> Entries supplied:
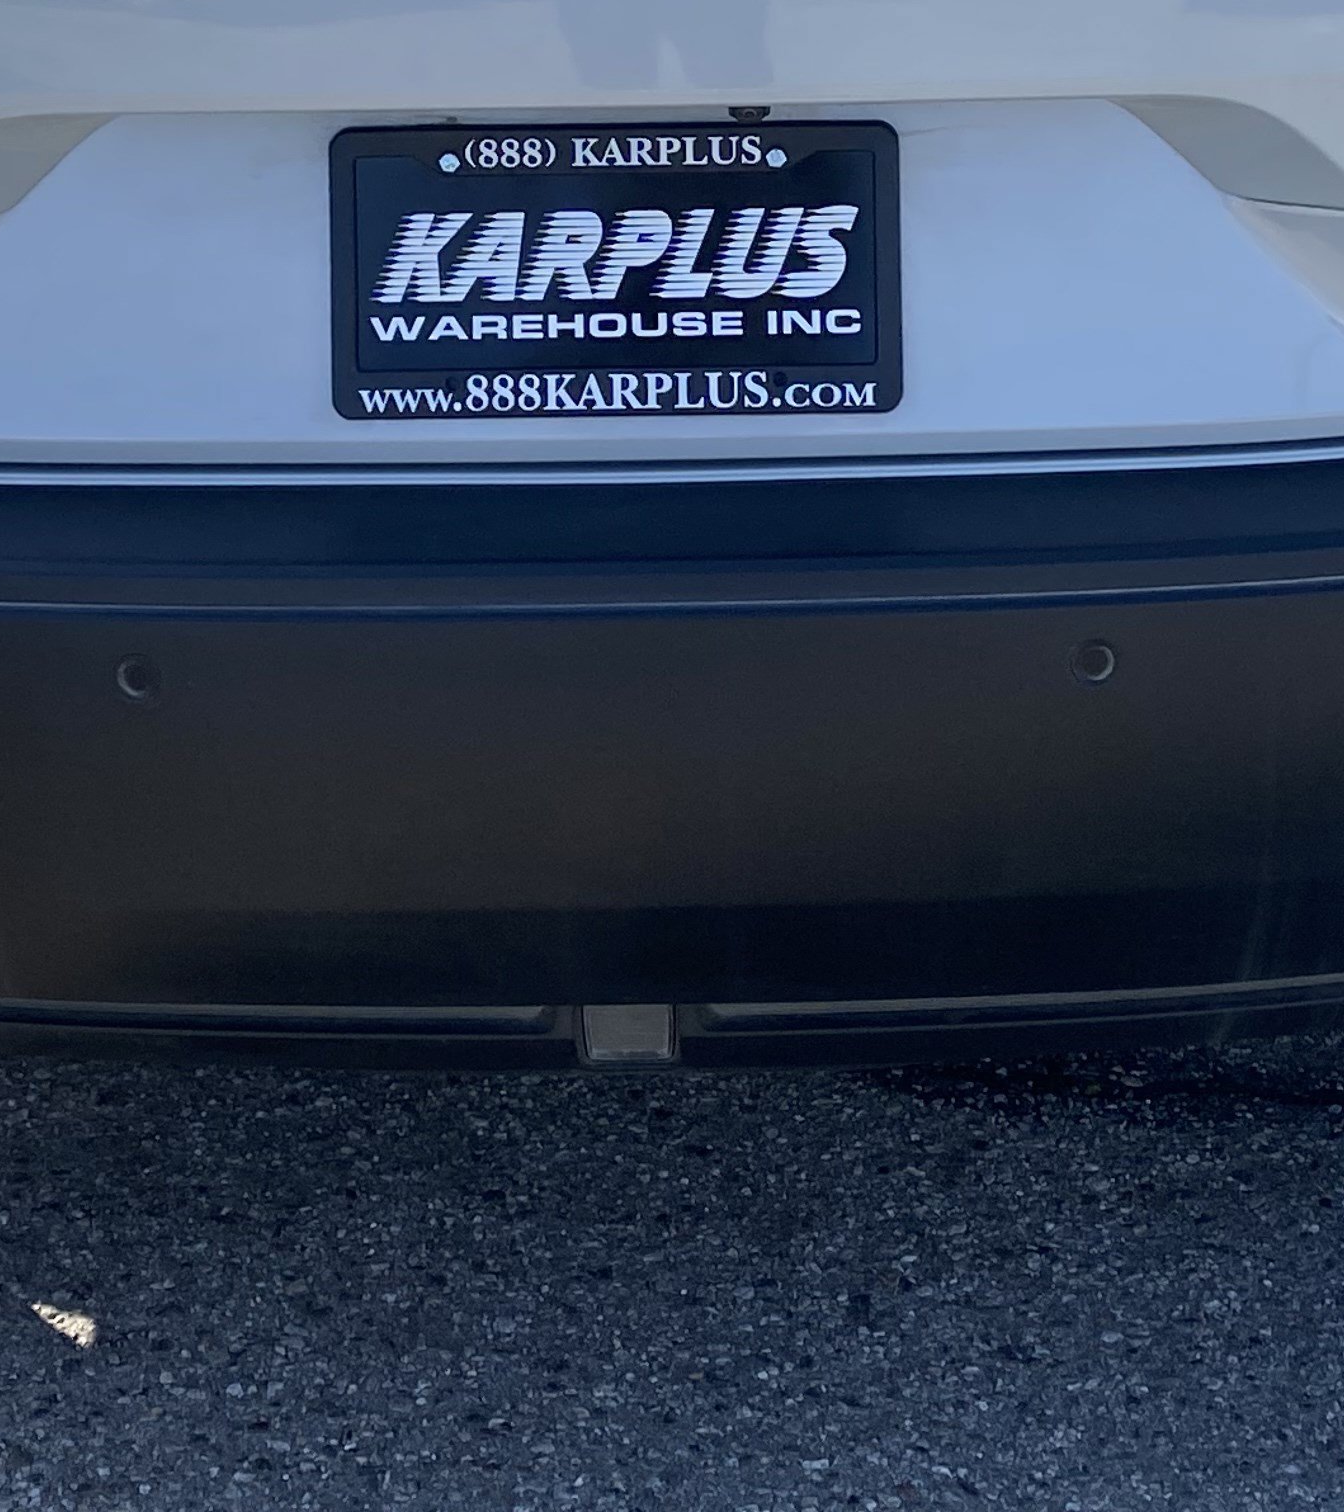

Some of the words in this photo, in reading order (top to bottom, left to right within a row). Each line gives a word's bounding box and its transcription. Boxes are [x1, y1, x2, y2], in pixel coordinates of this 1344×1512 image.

[464, 137, 557, 170] (888)
[571, 135, 762, 168] KARPLUS
[369, 204, 860, 303] KARPLUS
[369, 310, 744, 342] WAREHOUSE
[767, 308, 862, 336] INC

> Assigned task: When copying the records, reproduce every entry exactly and omit all pictures.

> Solution for this exercise:
Some of the words in this photo, in reading order (top to bottom, left to right within a row). Each line gives a word's bounding box and its transcription. Boxes are [x1, y1, x2, y2], in pixel coordinates of this 1344×1512 image.

[464, 137, 557, 170] (888)
[571, 135, 762, 168] KARPLUS
[369, 204, 860, 303] KARPLUS
[369, 310, 744, 342] WAREHOUSE
[767, 308, 862, 336] INC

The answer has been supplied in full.